異邦人歓迎04

「……は?」


 目にした『何』であるのか。皆目見当も付かない継実の口から出てきたのは、我ながら間抜けだと思う音が一つだけだった。

 見た目は船、という例えが一番適切だろうか。七年前に世界中で見られた旅客船や軍艦ではなく、滑らかな円錐形をした、潜水艦に似た形態をしている。装甲は紺色をしていたが、虹色の煌めきがあちこちで見られた。パッと見た限りではあるが、傷らしきものは確認出来ない。ラジコンのアンテナのような棘状の物体が四本、船体の上下左右に付いている。潜水艦ならスクリューがある筈だが、そうした推進機関の存在は傍目には確認出来なかった。

 全長はざっと三百メートル。建造物として見ても圧倒的な大きさだが、あろう事か船は海沿いに存在し、高度数十メートルの位置で浮遊していた。浮遊と言っても風で流れたり、ジェットを噴いて浮上している訳でもなく、まるでそこに見えない地面があるかのように静止している。

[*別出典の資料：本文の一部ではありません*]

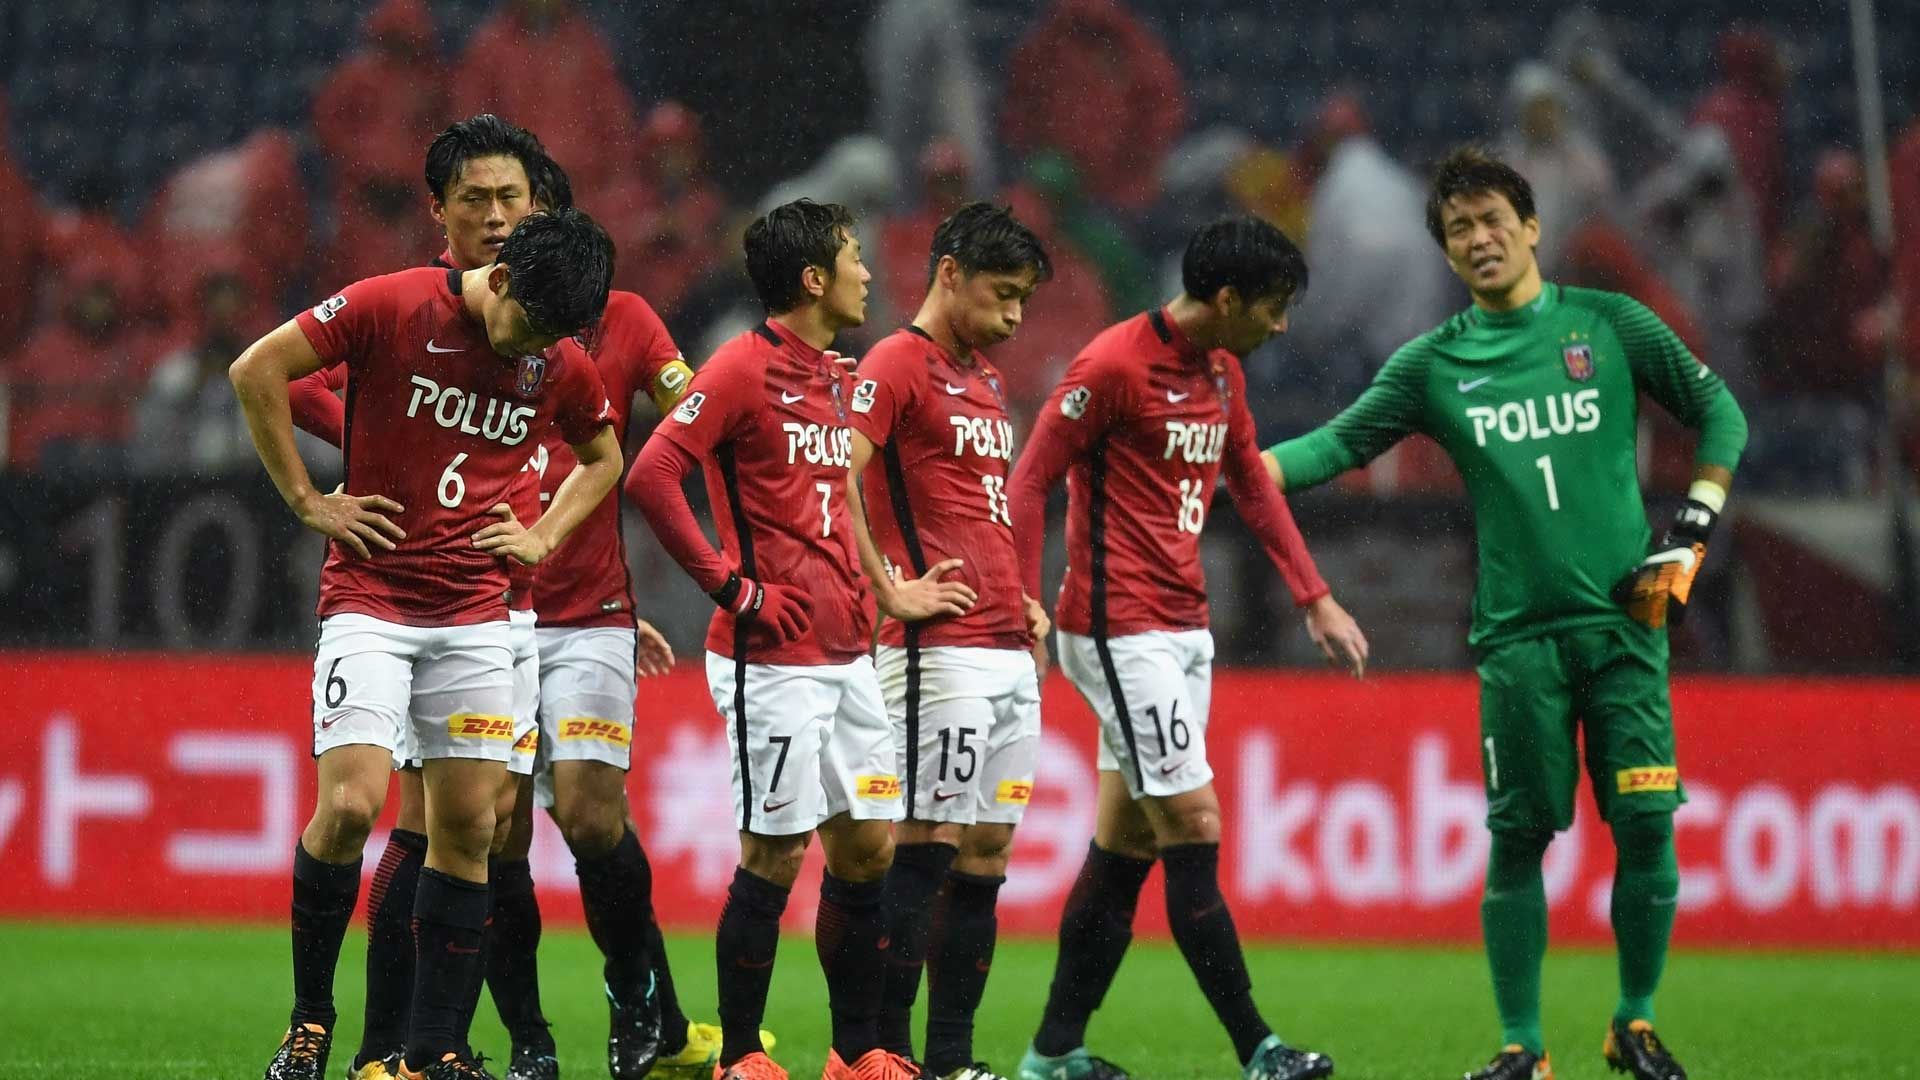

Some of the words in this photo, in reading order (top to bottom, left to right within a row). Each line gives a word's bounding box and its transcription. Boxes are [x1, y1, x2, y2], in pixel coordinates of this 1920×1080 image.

[407, 375, 536, 446] POLUS
[1466, 388, 1600, 447] POLUS
[950, 416, 1013, 462] POLU
[1164, 421, 1228, 464] POLU
[437, 453, 468, 508] 6
[1178, 478, 1204, 534] 16
[1536, 455, 1560, 510] 1
[816, 483, 831, 538] 7
[325, 656, 347, 709] 6
[565, 721, 624, 742] DHL
[937, 727, 976, 783] 15
[1145, 699, 1189, 757] 16
[769, 736, 792, 793] 7
[867, 779, 900, 795] DH
[1484, 736, 1499, 791] 1
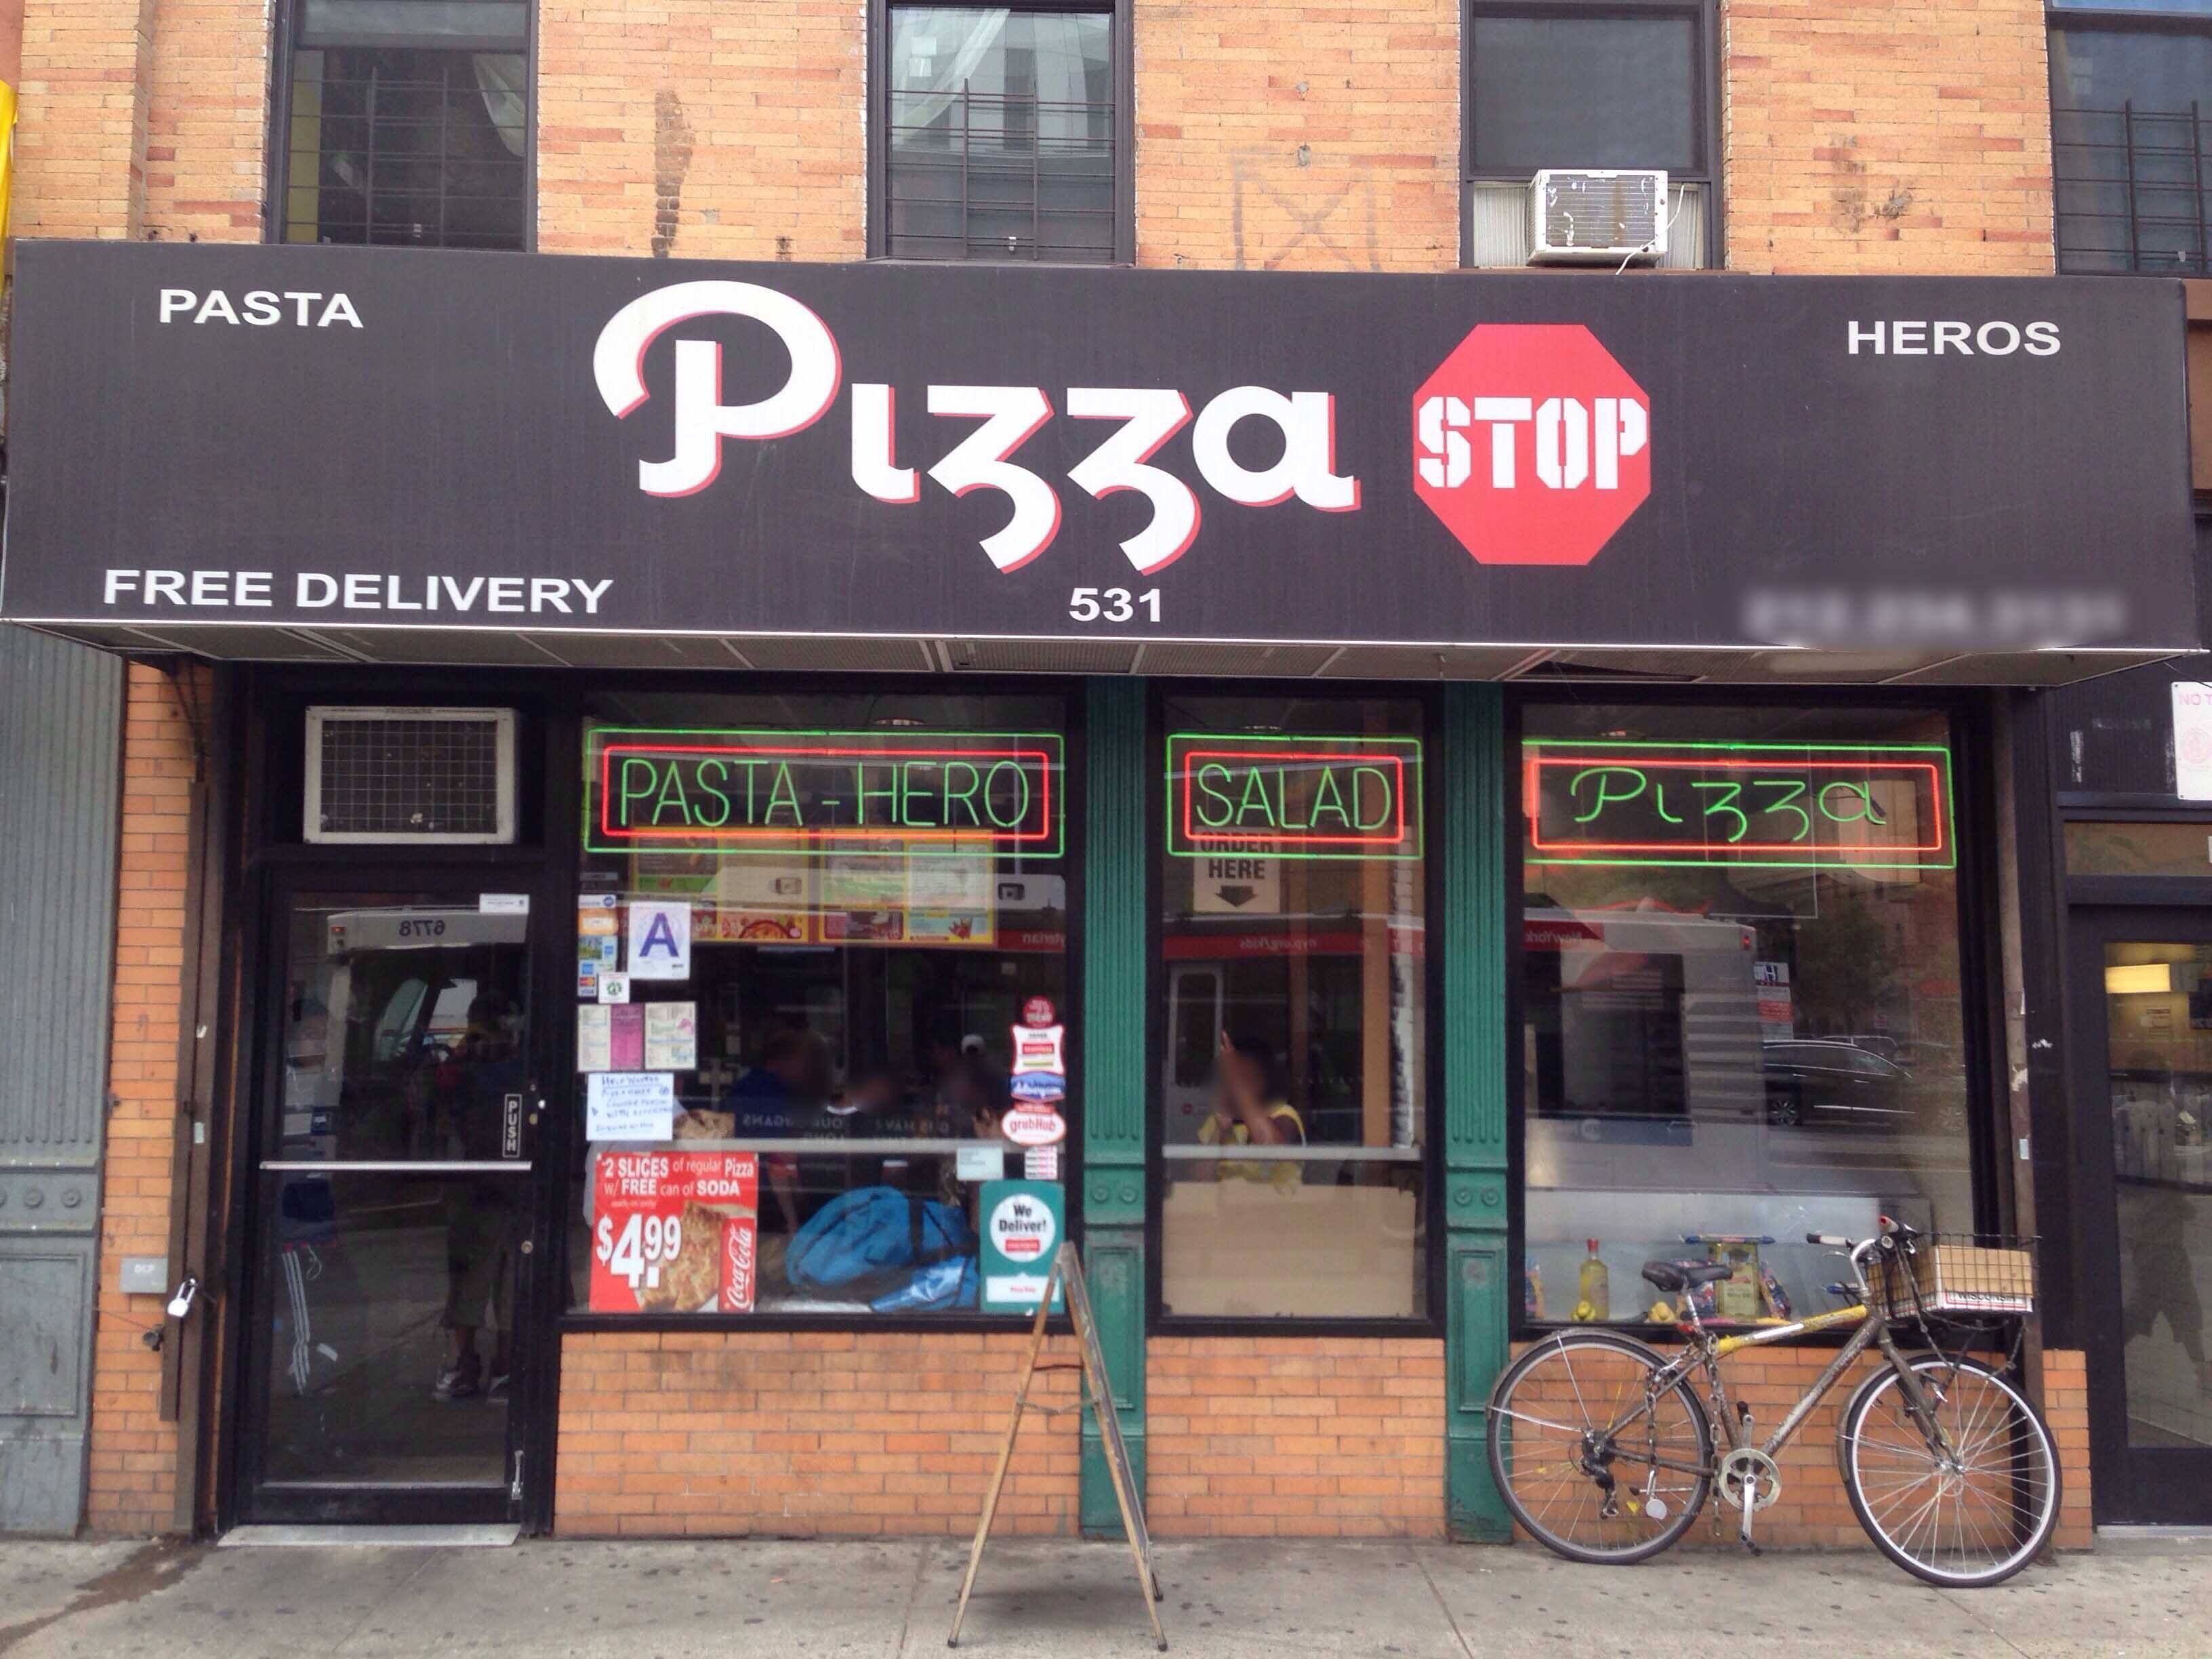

 『船舶技術』なんて全く知らない継実であるが、この船のようなものが高度な技術の産物は今まで見た事も聞いた事もない。それに人類文明が滅びて七年も経ち、都市すら自然に飲まれて分解されているのだ。こんな巨大な船がろくな傷もないまま存在している筈がない。


「はぁー、やっと追い付いた……継実、どうしたの?」


「え、や。アレ……」


 追い付いてきたモモが首を傾げる中、継実は眼前の巨船を指差す。

 モモは継実の指先を追った。されど彼女の顔が驚きで歪む事はない。むしろこてんと首を傾げ、継実の意図を察していない様子を見せる。


「アレって、なんの話?」


 そして止めにこの一言。

 モモにあの舟が見えていないと、継実はようやく気付いた。


「……モモ。あっちに毛を伸ばしてみて。多分それで分かる」


「んー? どれどれ……ってなんじゃこりゃあっ!?」


 継実に言われるがまま毛を伸ばしたであろうモモは、飛び跳ねるぐらい驚いた。流石に触覚でなら認識出来るらしい。つまりあの船は本当にあるもの。文明社会が恋しいあまりついに幻覚を見てしまった、という訳ではないのだ。

 ならば一体この船はなんなのか。

 ――――船のすぐ傍で立ち止まり、茫然とした様子で眺めているミドリなら、何か知っているかも知れない。


「ミドリ。ミドリっ」


 継実は駆け寄りながらミドリの名を呼ぶ。船を見ていたミドリは、二回目の呼び掛けでようやく反応して振り返る。

 ミドリはそわそわと身体を揺すり、すっかり落ち着きを失っていた。見た事もない巨船に興奮している、という訳でない事は、複雑な感情の入り混じった顔を目にすれば察せられる。そして何かを知っているという、継実の期待が当たっている事も。


「ミドリ、この船は何? 何か知ってるなら、教えてほしいんだけど」


 継実が尋ねると、ミドリはごくりと息を飲む。何かを言おうとして、だけど考え込んで。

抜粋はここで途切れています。